__Task requirements__
When you retype the entries, keep each one exact and leave out the pictures.

__Task input__
*** Begin section ***

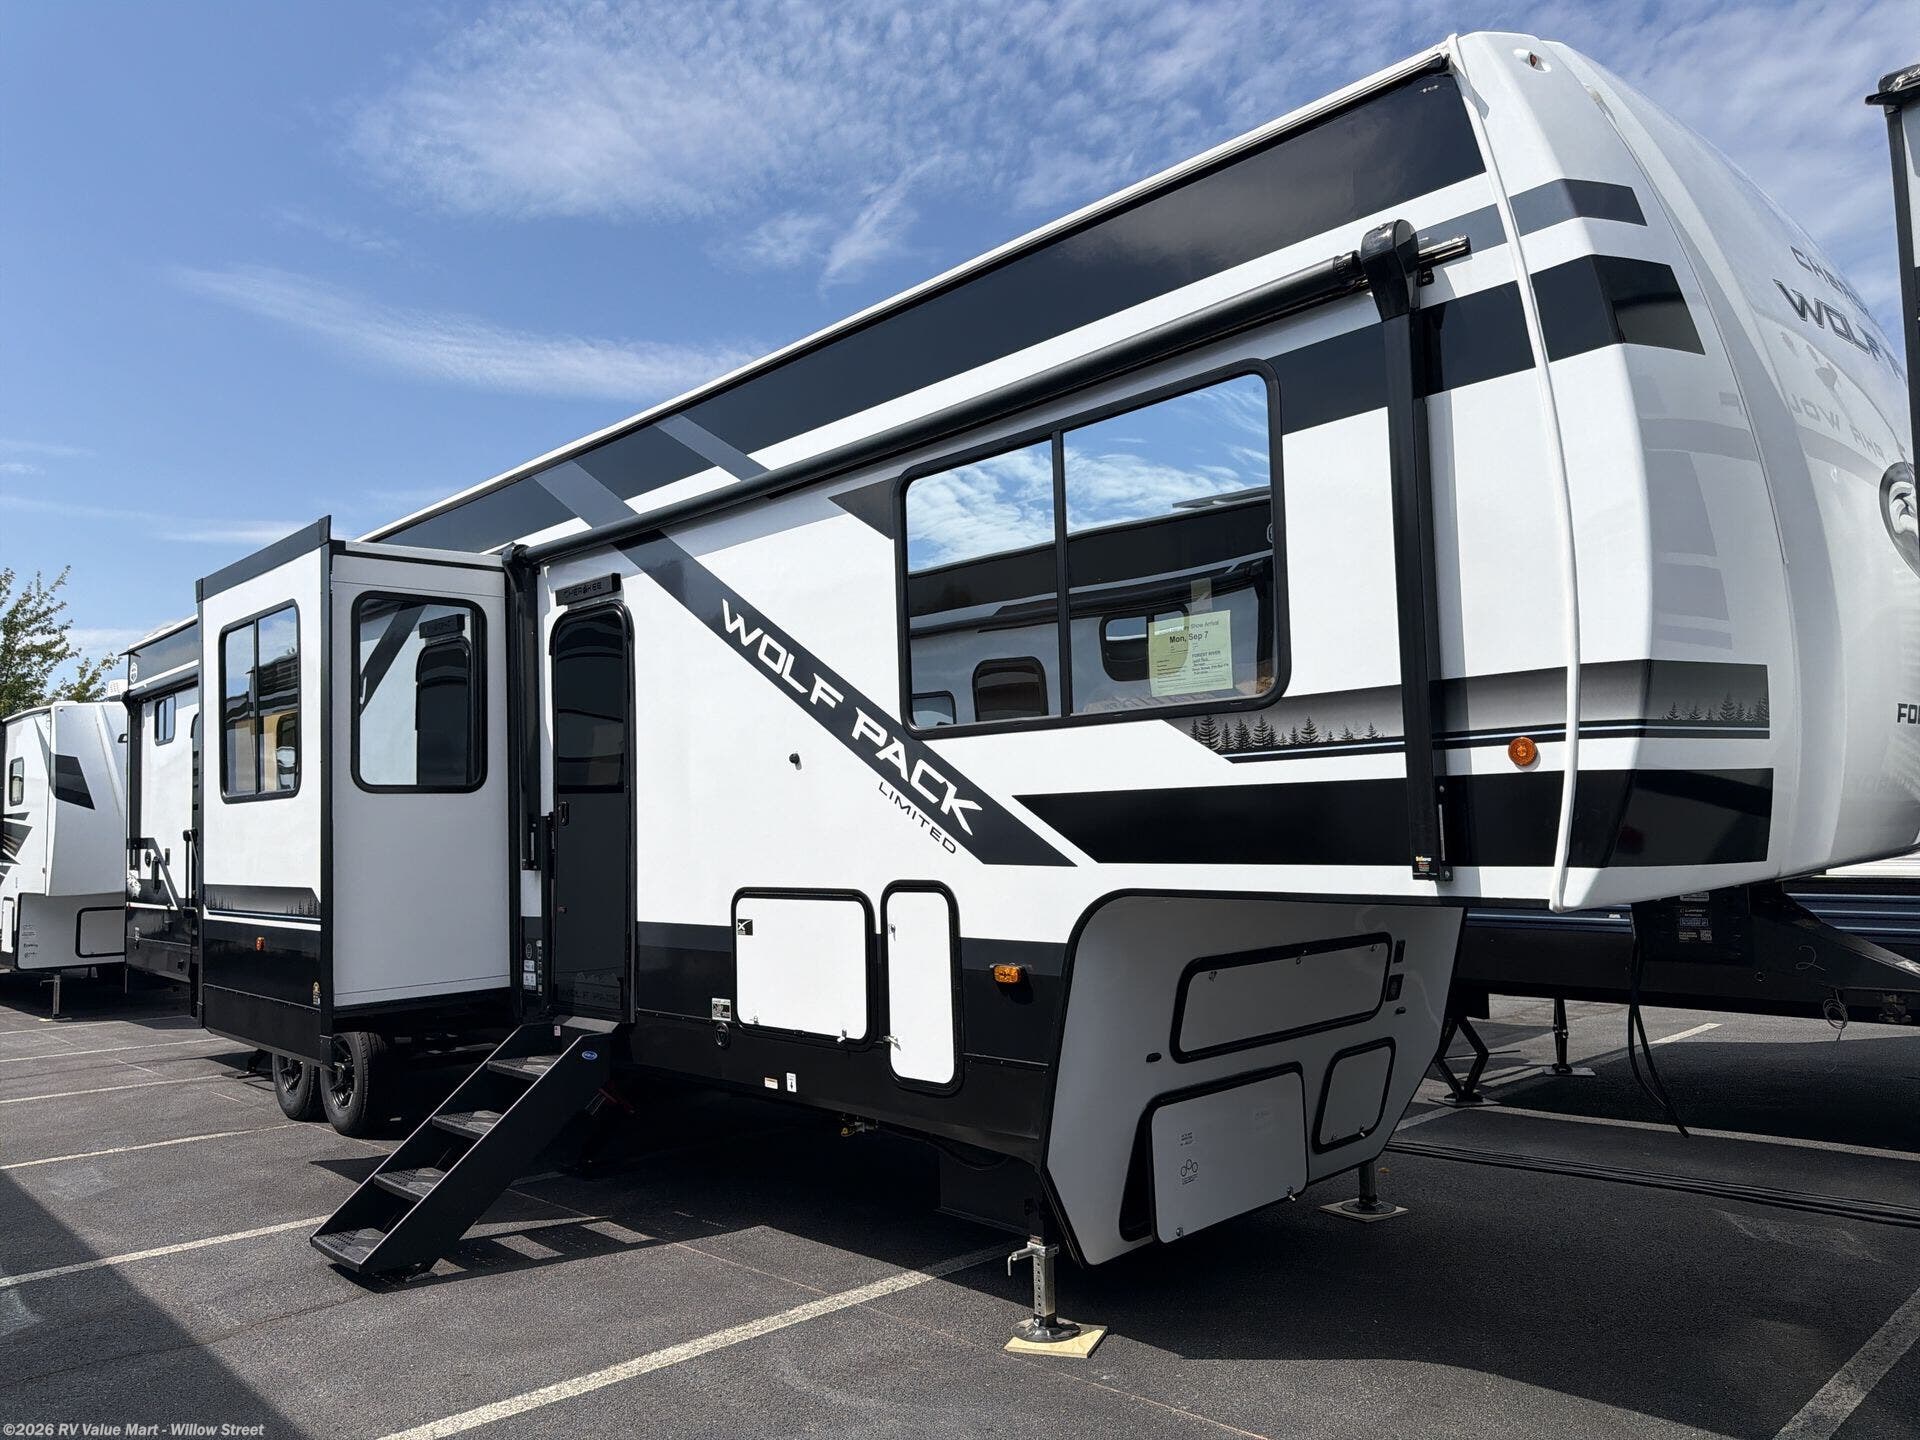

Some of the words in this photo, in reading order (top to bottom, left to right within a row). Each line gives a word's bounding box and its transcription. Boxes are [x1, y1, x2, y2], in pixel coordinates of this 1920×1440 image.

[1773, 279, 1882, 361] WOLF
[1169, 635, 1187, 643] Mon,
[1188, 633, 1203, 641] Sep
[1204, 630, 1209, 638] 7
[722, 598, 844, 709] WOLF
[851, 706, 983, 836] PACK
[1897, 703, 1920, 725] FO
[878, 781, 957, 854] LIMITED

*** End section ***

__Written reply__
Some of the words in this photo, in reading order (top to bottom, left to right within a row). Each line gives a word's bounding box and its transcription. Boxes are [x1, y1, x2, y2], in pixel coordinates of this 1920×1440 image.

[1773, 279, 1882, 361] WOLF
[1169, 635, 1187, 643] Mon,
[1188, 633, 1203, 641] Sep
[1204, 630, 1209, 638] 7
[722, 598, 844, 709] WOLF
[851, 706, 983, 836] PACK
[1897, 703, 1920, 725] FO
[878, 781, 957, 854] LIMITED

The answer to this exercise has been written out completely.